PURGING & DOWNSIZING - Part 1

The last several weeks I've been taking time off and cleaning out the studio and house of many things that are just sitting, things I've not used nor enjoyed anymore, or things just collecting dust in awkward spots. Having four big cardboard boxes of music CDs in your living room sitting for over four years sends the idea you are a hoarder or just simply run out of space. I'm not a hoarder since it's easy for me to trash stuff, but was keeping them there in boxes so I could transfer them to digital and then get rid of the physical CDs, but when they sit... and sit... and sit some more, they start to look like a piece of furniture, which they are not. I started ripping my CDs back a year of so ago and got one box done but the other three were still sitting there beckoning for me to finish. I, of course, got sidetracked with the final year of my father's illness and work. This new year triggered me now into final motion to go through and clean out my life and start a new chapter. A good downsizing was needed and so I went to work starting with my studio and going through every art shelf, drawer, and art table throwing out or shredding at least four trash cans of trash every few days. Bags of shredded pulp were thrown into the trash cans and waved good-bye. Above is a pic of the trash cans on Monday morning after one such trash collection. I even bought new jackets, new sneakers, and a new hat just to start out fresh and new. Change is good.

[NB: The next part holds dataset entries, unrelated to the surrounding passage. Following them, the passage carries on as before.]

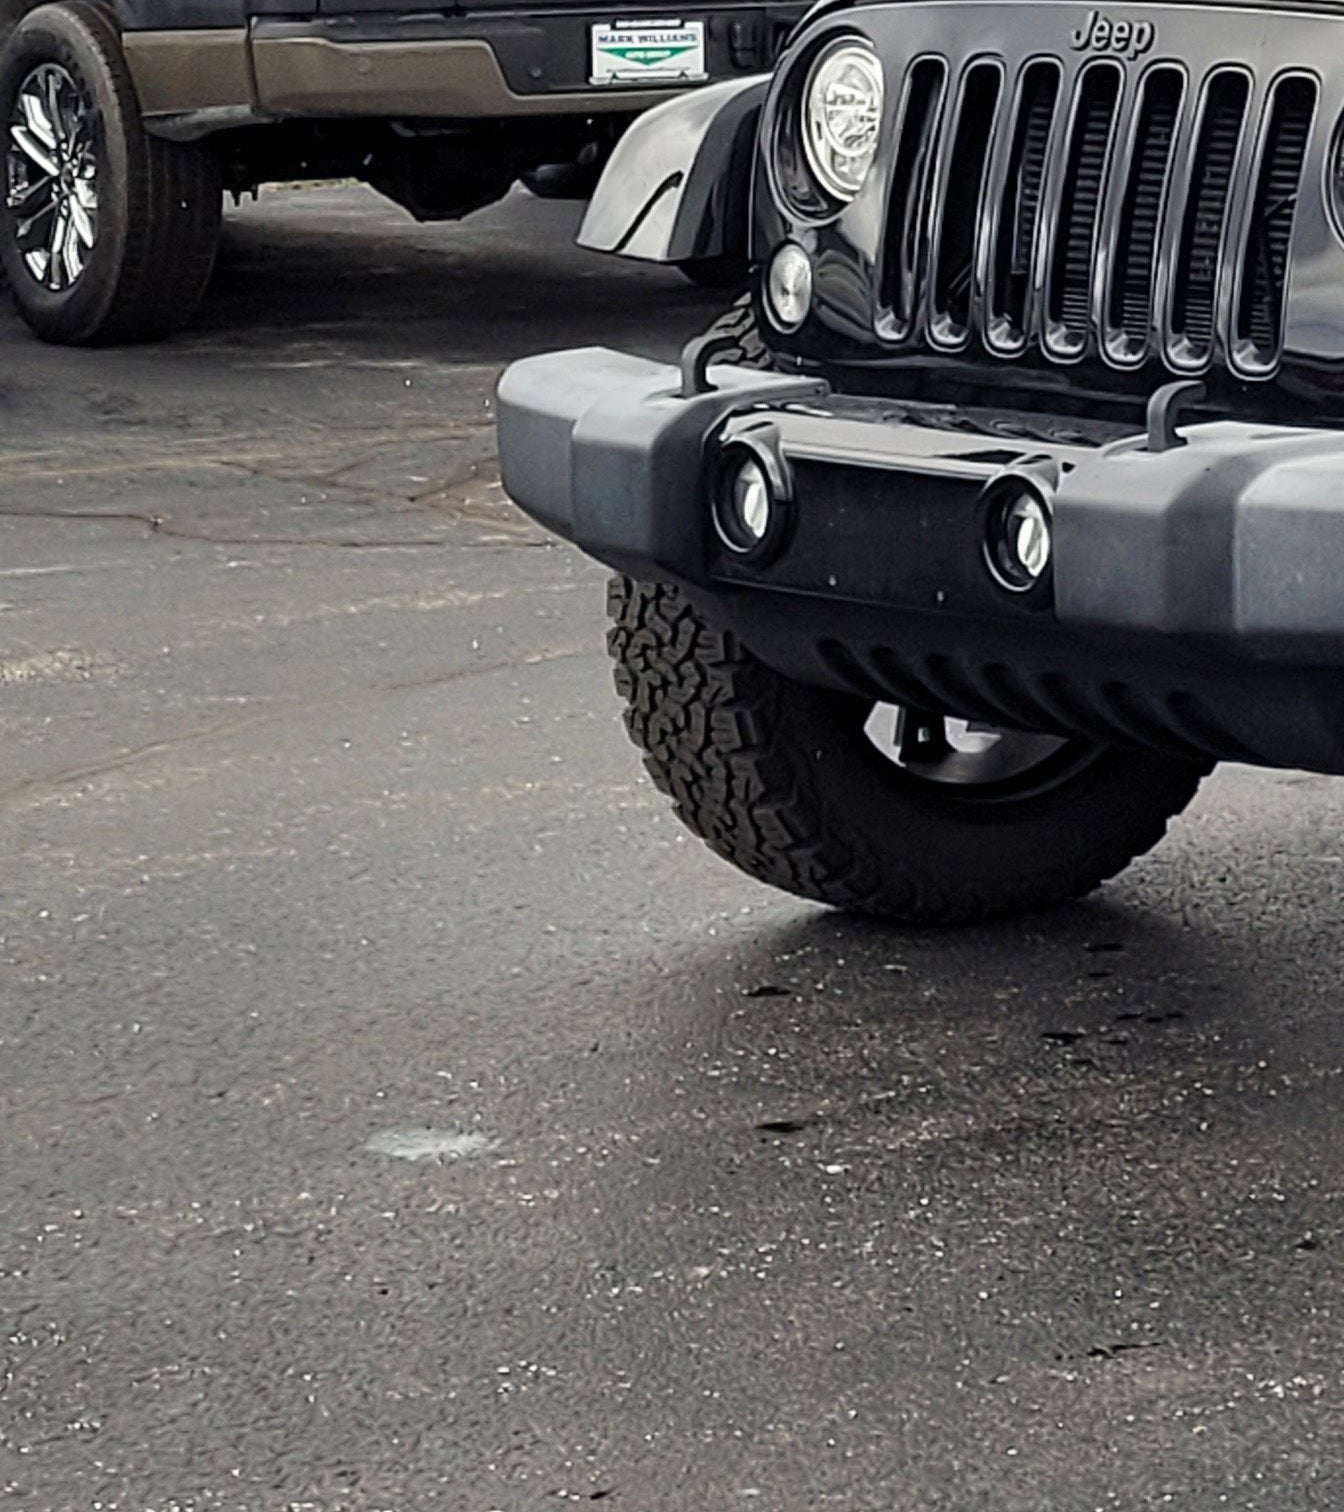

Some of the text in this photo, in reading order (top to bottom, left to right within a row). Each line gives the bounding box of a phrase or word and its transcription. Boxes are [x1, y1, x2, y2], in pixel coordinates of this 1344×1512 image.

[598, 33, 697, 43] MARK WILLIAMS
[1071, 9, 1155, 61] Jeep
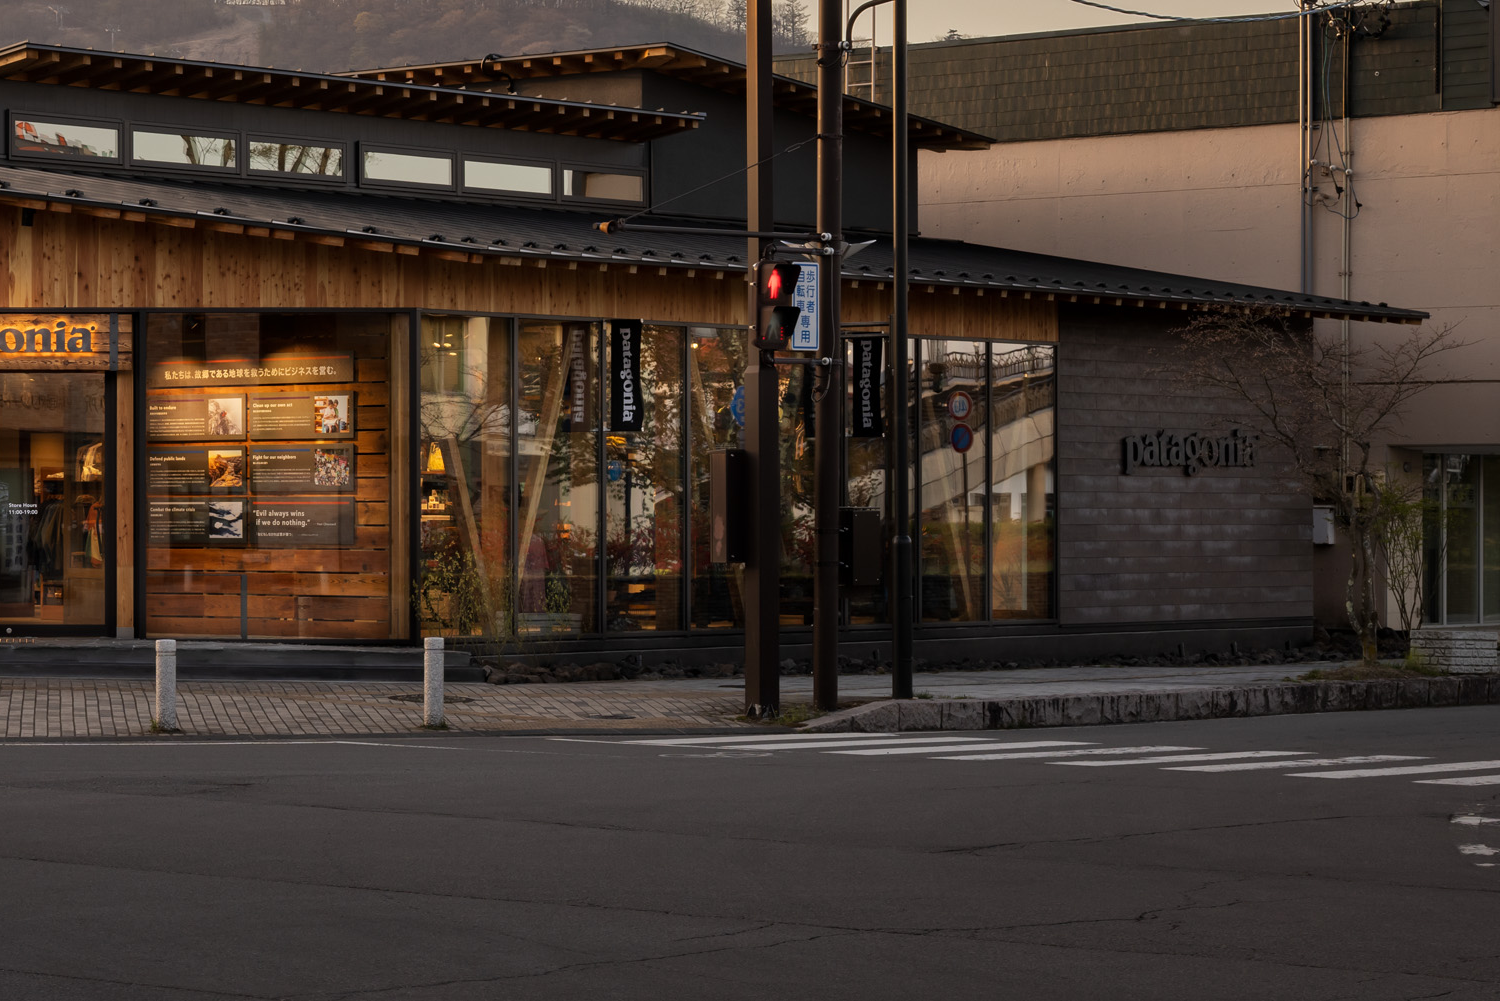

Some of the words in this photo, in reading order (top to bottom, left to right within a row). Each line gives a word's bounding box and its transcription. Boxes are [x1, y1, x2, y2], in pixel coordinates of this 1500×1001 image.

[806, 270, 816, 314] 歩行者
[800, 314, 811, 344] 専用
[620, 327, 636, 423] patagonia
[858, 339, 874, 429] patagonia
[1121, 429, 1259, 476] patagonia
[268, 510, 289, 518] always

Back last October, I had bought a great, though expensive, shredder at Staples that has been doing a tremendous job! I originally got it to shred old drawings, old paperwork, documents and the like to get rid of stuff and thin the herd and not have to worry about identity theft. I will talk about the shredder I got in another post. My main reason for buying a great shredder over buying a cheaper one is that I simply had a lot to shred. Not only stuff that I wanted to get rid of but all the left over paperwork that that dealt with my father. My mother needed/wanted to get rid of it safely and so I took it to do away with it right. He had numberous stacks of doctors, hospital, AARP paperwork, prescriptions, old bill receipts, etc that needed to be destroyed and a small shredder that only work for 2 minutes before it shuts down from overheating was not going to cut it. So I got the biggest and the best one I could find. Over the months, it's been on the of the best things I've gotten in a looooonnnggg time. You get so jacked watching stuff go down it that you start looking for other things you can throw down it.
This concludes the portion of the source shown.